If you are interested in understanding how the system works and its implementation, we wrote an article on Medium with a high-level explanation.

We also made a presentation during the #9 NLP Breakfast organised by Feedly. You can check it out here.

Table of Contents

Installation

With pip

pip install cdqa

From source

git clone https://github.com/cdqa-suite/cdQA.git
cd cdQA
pip install -e .

Hardware Requirements

Experiments have been done with:

  • CPU 👉 AWS EC2 t2.medium Deep Learning AMI (Ubuntu) Version 22.0
  • GPU 👉 AWS EC2 p3.2xlarge Deep Learning AMI (Ubuntu) Version 22.0 + a single Tesla V100 16GB.

Getting started

Preparing your data

Manual

To use cdQA you need to create a pandas dataframe with the following columns:

title paragraphs
The Article Title [Paragraph 1 of Article, ... , Paragraph N of Article]

With converters

The objective of cdqa converters is to make it easy to create this dataframe from your raw documents database. For instance the pdf_converter can create a cdqa dataframe from a directory containing .pdf files:

from cdqa.utils.converters import pdf_converter

df = pdf_converter(directory_path='path_to_pdf_folder')

You will need to install Java OpenJDK to use this converter. We currently have converters for:

  • pdf
  • markdown

We plan to improve and add more converters in the future.
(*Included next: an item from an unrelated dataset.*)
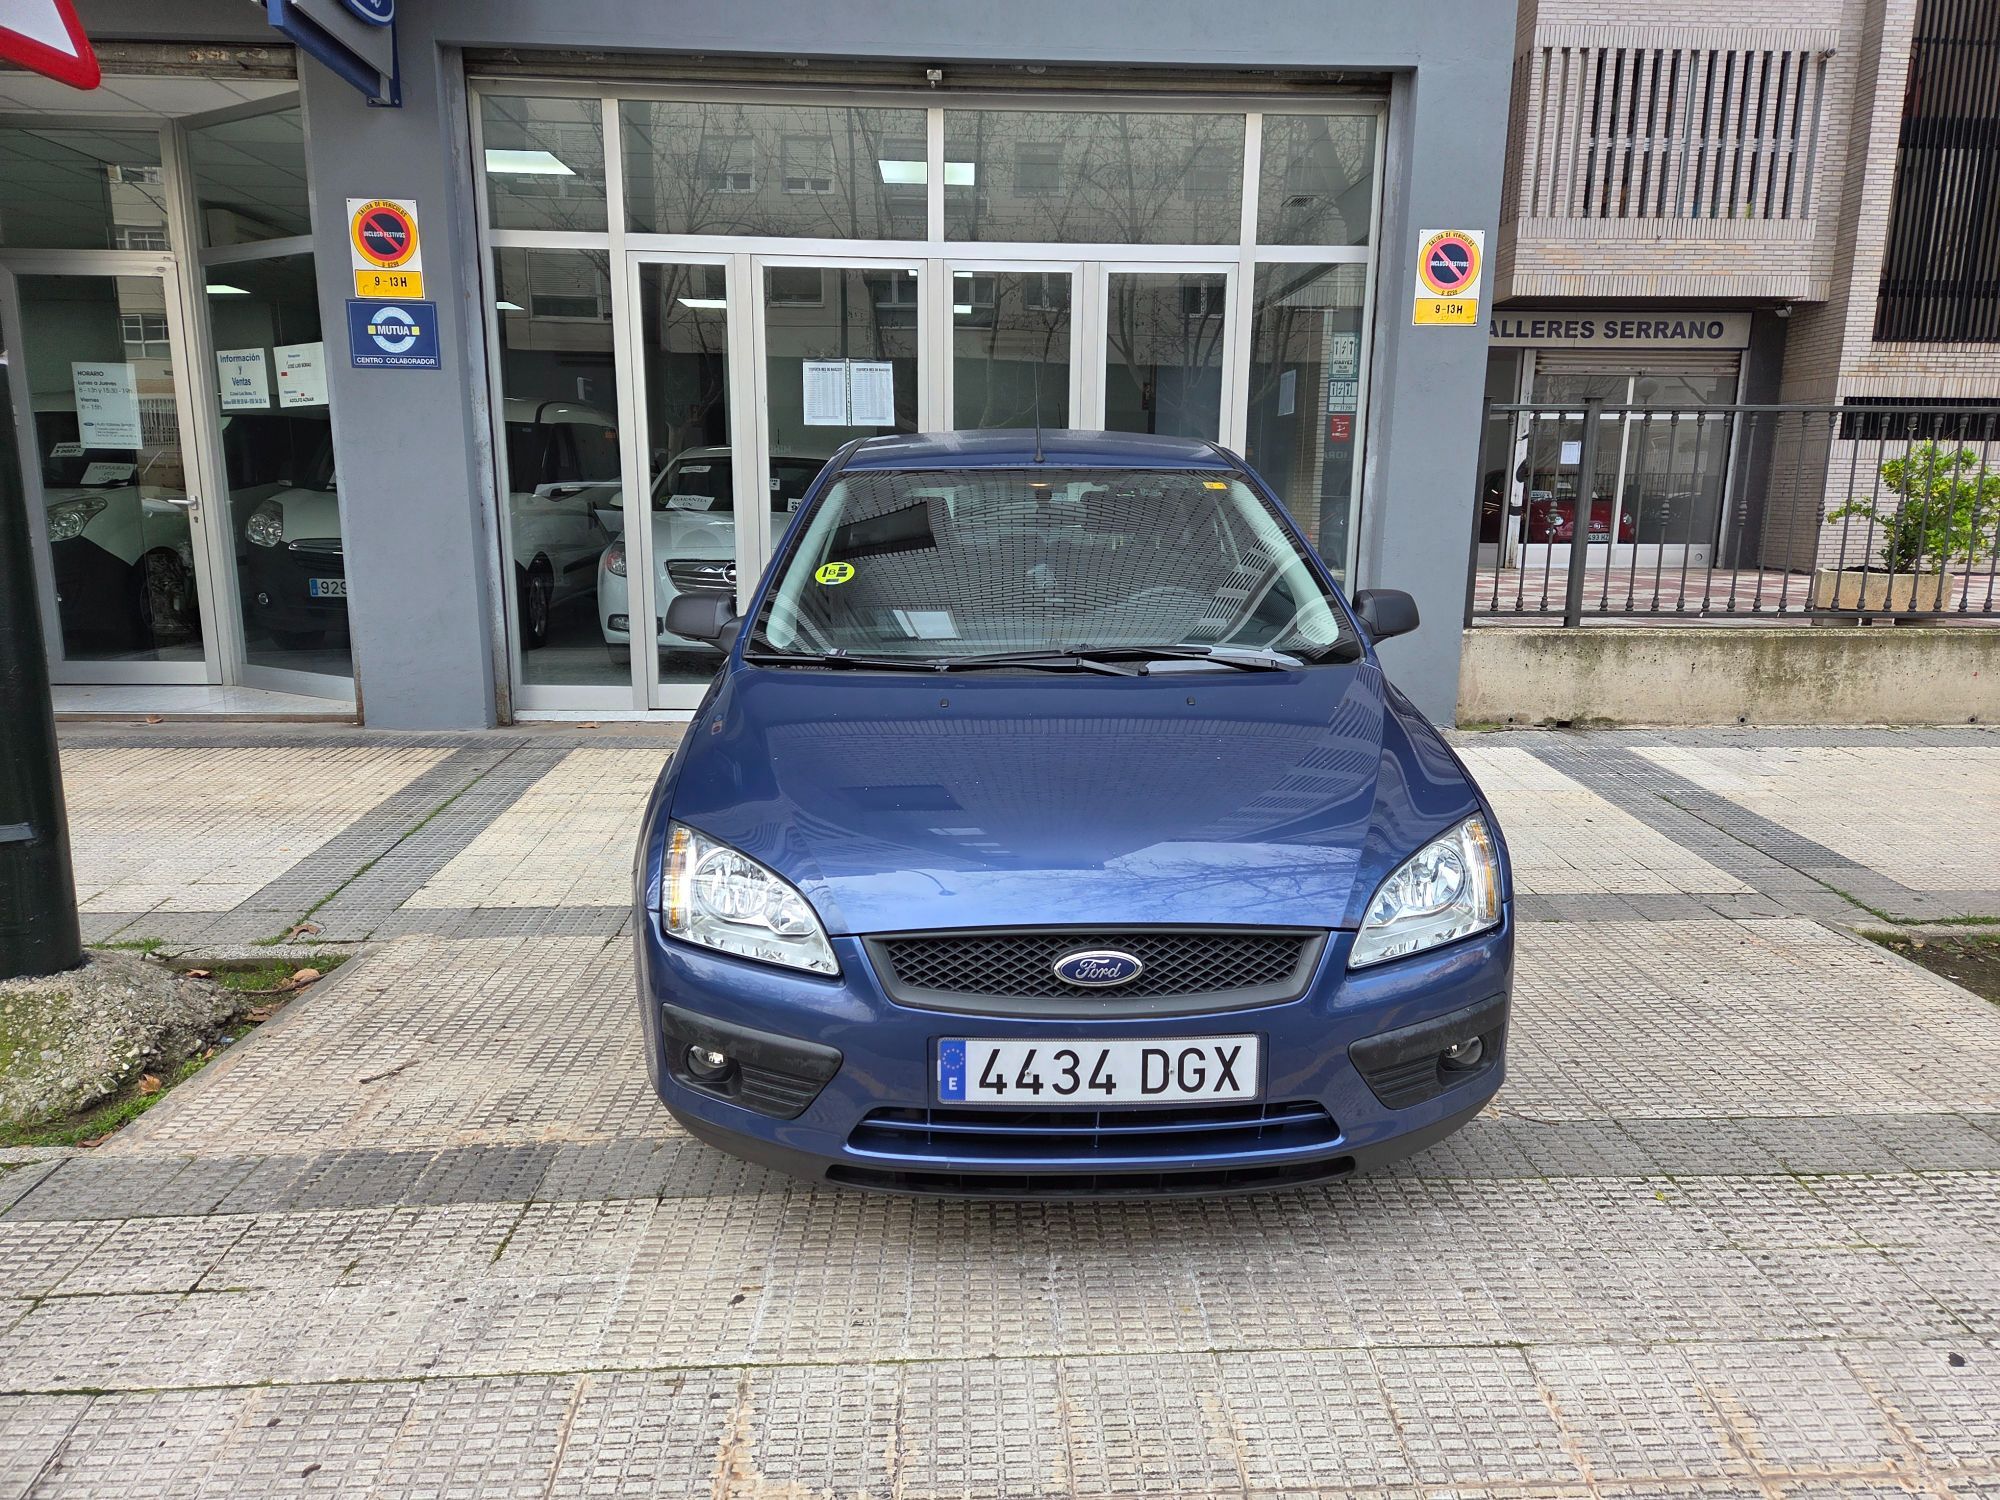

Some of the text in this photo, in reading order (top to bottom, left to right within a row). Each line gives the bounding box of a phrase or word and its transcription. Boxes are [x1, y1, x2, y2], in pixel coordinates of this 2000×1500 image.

Stay tuned!

Downloading pre-trained models and data

You can download the models and data manually from the GitHub releases or use our download functions:

from cdqa.utils.download import download_squad, download_model, download_bnpp_data

directory = 'path-to-directory'

# Downloading data
download_squad(dir=directory)
download_bnpp_data(dir=directory)

# Downloading pre-trained BERT fine-tuned on SQuAD 1.1
download_model('bert-squad_1.1', dir=directory)
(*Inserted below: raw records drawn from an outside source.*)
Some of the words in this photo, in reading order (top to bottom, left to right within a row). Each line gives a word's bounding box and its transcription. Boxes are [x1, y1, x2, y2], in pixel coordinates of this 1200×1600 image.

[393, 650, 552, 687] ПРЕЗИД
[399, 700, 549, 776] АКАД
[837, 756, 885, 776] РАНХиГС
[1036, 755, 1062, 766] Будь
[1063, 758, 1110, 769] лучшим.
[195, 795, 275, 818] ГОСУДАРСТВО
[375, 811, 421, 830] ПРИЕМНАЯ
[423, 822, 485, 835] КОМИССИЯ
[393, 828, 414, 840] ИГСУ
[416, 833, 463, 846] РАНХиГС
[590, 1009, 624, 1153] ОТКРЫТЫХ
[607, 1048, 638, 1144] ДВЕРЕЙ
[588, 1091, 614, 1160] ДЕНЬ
# Downloading pre-trained DistilBERT fine-tuned on SQuAD 1.1
download_model('distilbert-squad_1.1', dir=directory)

Training models

Fit the pipeline on your corpus using the pre-trained reader:

import pandas as pd
from ast import literal_eval
from cdqa.pipeline import QAPipeline

df = pd.read_csv('your-custom-corpus-here.csv', converters={'paragraphs': literal_eval})

cdqa_pipeline = QAPipeline(reader='bert_qa.joblib') # use 'distilbert_qa.joblib' for DistilBERT instead of BERT
cdqa_pipeline.fit_retriever(df=df)

If you want to fine-tune the reader on your custom SQuAD-like annotated dataset:

cdqa_pipeline = QAPipeline(reader='bert_qa.joblib') # use 'distilbert_qa.joblib' for DistilBERT instead of BERT
cdqa_pipeline.fit_reader('path-to-custom-squad-like-dataset.json')

Save the reader model after fine-tuning:

cdqa_pipeline.dump_reader('path-to-save-bert-reader.joblib')

Making predictions

To get the best prediction given an input query:

cdqa_pipeline.predict(query='your question')

To get the N best predictions:

cdqa_pipeline.predict(query='your question', n_predictions=N)

There is also the possibility to change the weight of the retriever score versus the reader score in the computation of final ranking score (the default is 0.35, which is shown to be the best weight on the development set of SQuAD 1.1-open)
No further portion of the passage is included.